Curry ha passato tre stagioni al college, con i Davidson Wildcats, ma non si è mai laureato in sociologia, la facoltà che aveva scelto quando ancora era un ragazzino. Da allora sono successe molte cose: è stato chiamato con la settima scelta assoluta al Draft, ha rischiato di rivelarsi un bust per i molti infortuni nei suoi primi anni in NBA, fino a sbocciare definitivamente e diventare uno dei giocatori più letali, se non il più letale, al mondo. Tra i record che Curry sta mettendo in fila nelle ultime settimane manca però ancora una laurea, e questo gli preclude la possibilità di vedere la sua maglia numero 30 ritirata da Davidson, che da regolamento ritira solo le maglie di giocatori laureati. Non è una tragedia ed è qualcosa a cui comunque si potrà rimediare: sono molti infatti gli atleti che, nelle pause estive, decidono di tornare a scuola e completare il percorso di studi, magari deciderà di fare così anche Curry.

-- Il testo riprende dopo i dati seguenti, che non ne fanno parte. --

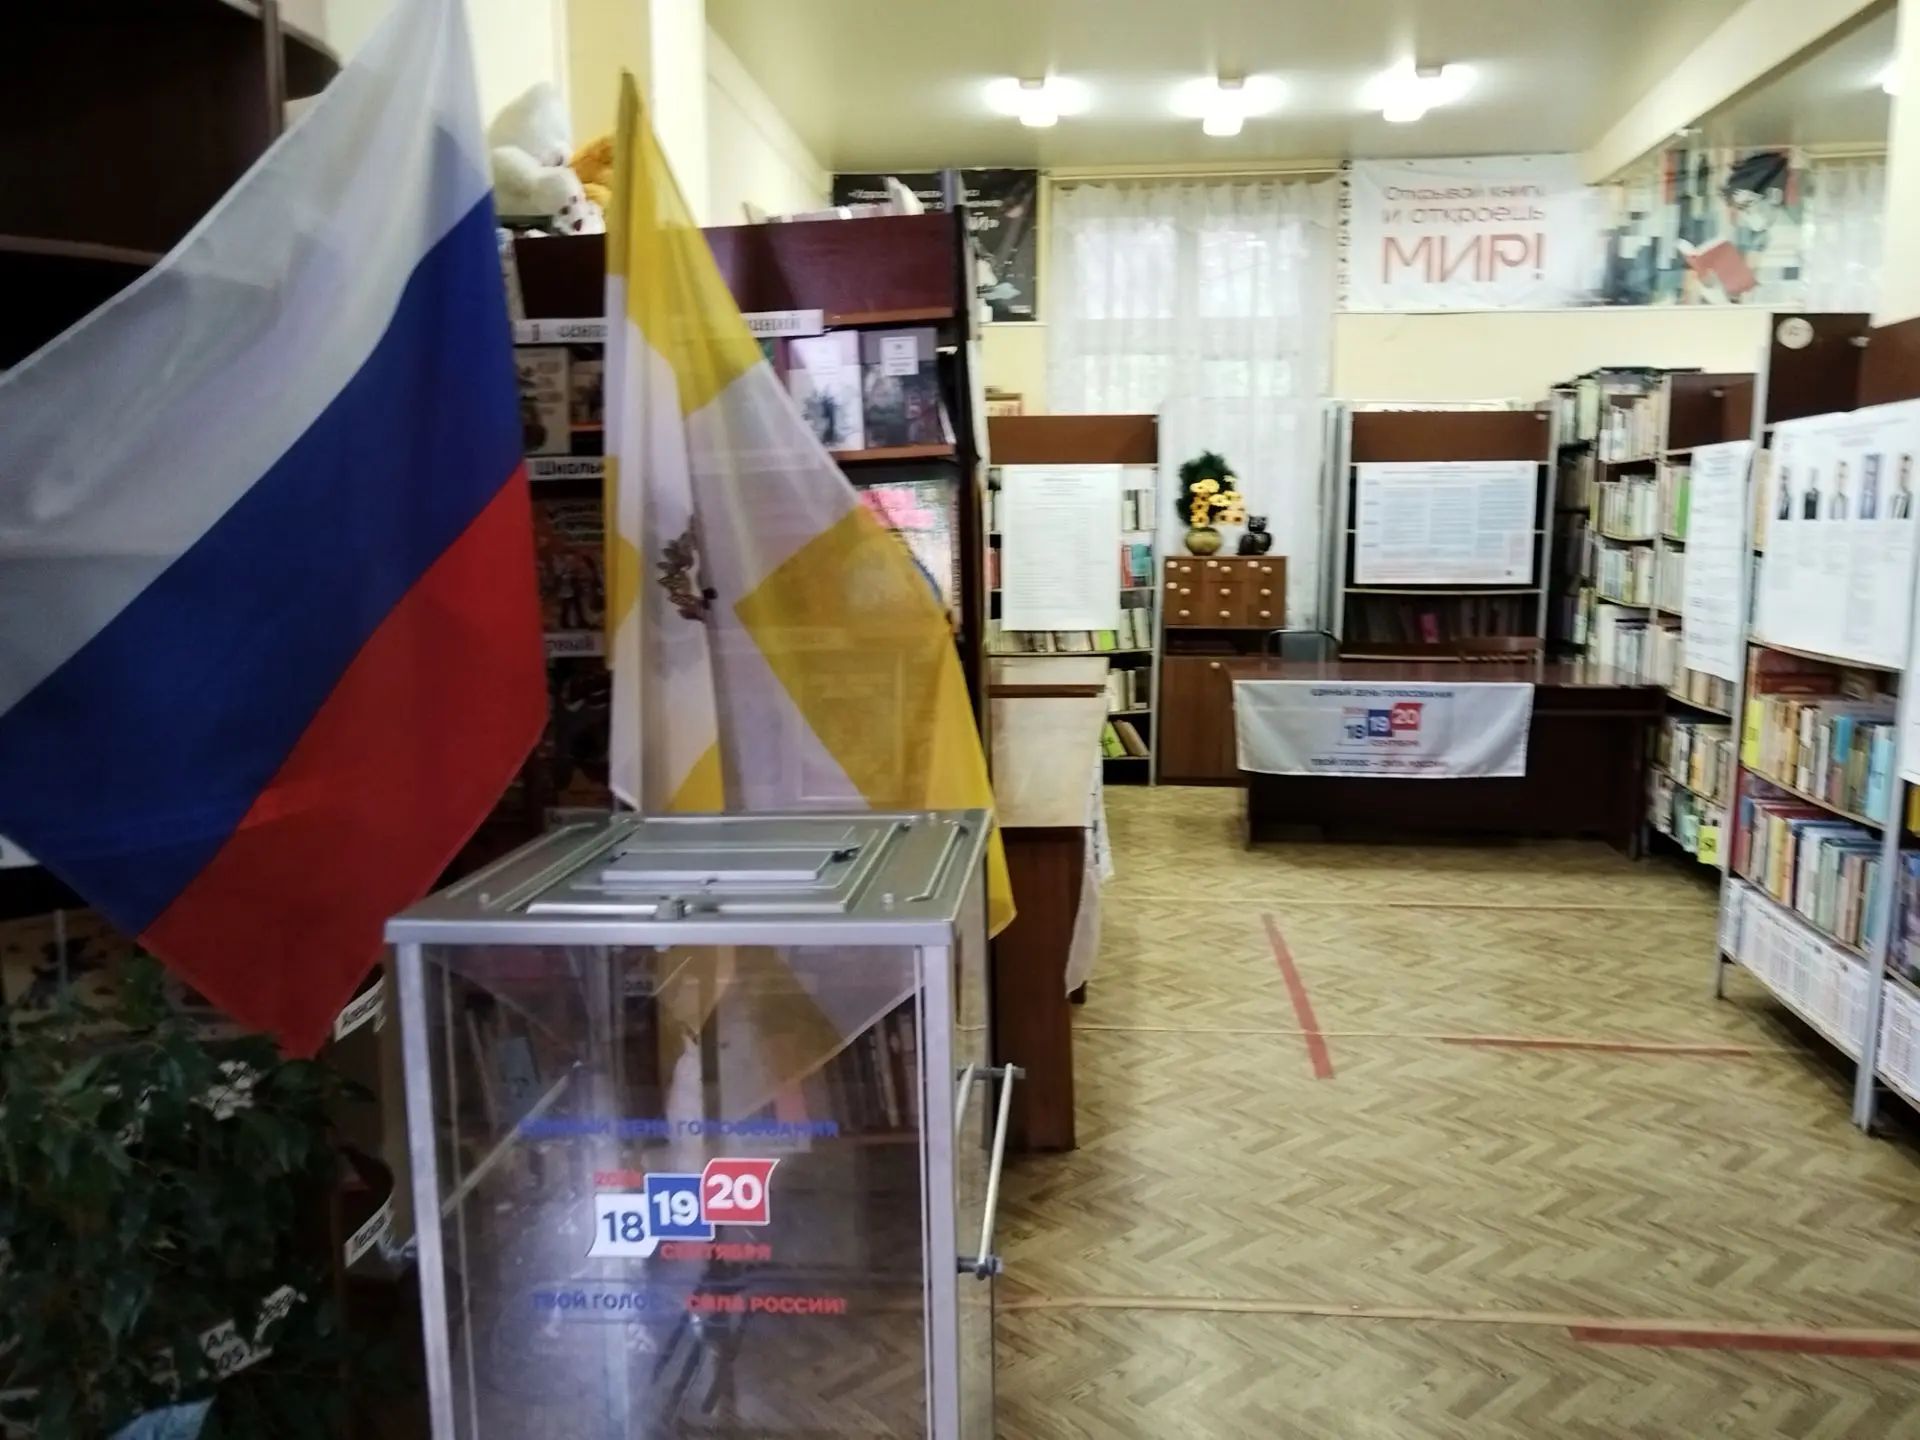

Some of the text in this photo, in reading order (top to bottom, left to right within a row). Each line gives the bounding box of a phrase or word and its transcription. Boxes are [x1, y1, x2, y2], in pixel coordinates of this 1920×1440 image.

So qual era il mio obiettivo quando mi sono iscritto a Davidson. Ho fatto una promessa a coach McKillop e alla famiglia, ovvero che quando avrei lasciato la scuola nel 2009 la laurea sarebbe stata già acquisita, e lo sarà presto. Spero più presto che tardi. E’ ancora una priorità, ovviamente al momento ci sono anche molte altre cose. Trarre dei vantaggi dalla mia carriera su un campo NBA è qualcosa che non durerà a lungo, quindi si è spinti a dargli tutta l’attenzione e l’impegno. Però concludere quella parte della mia vita, quando accadrà, sarà fondamentale.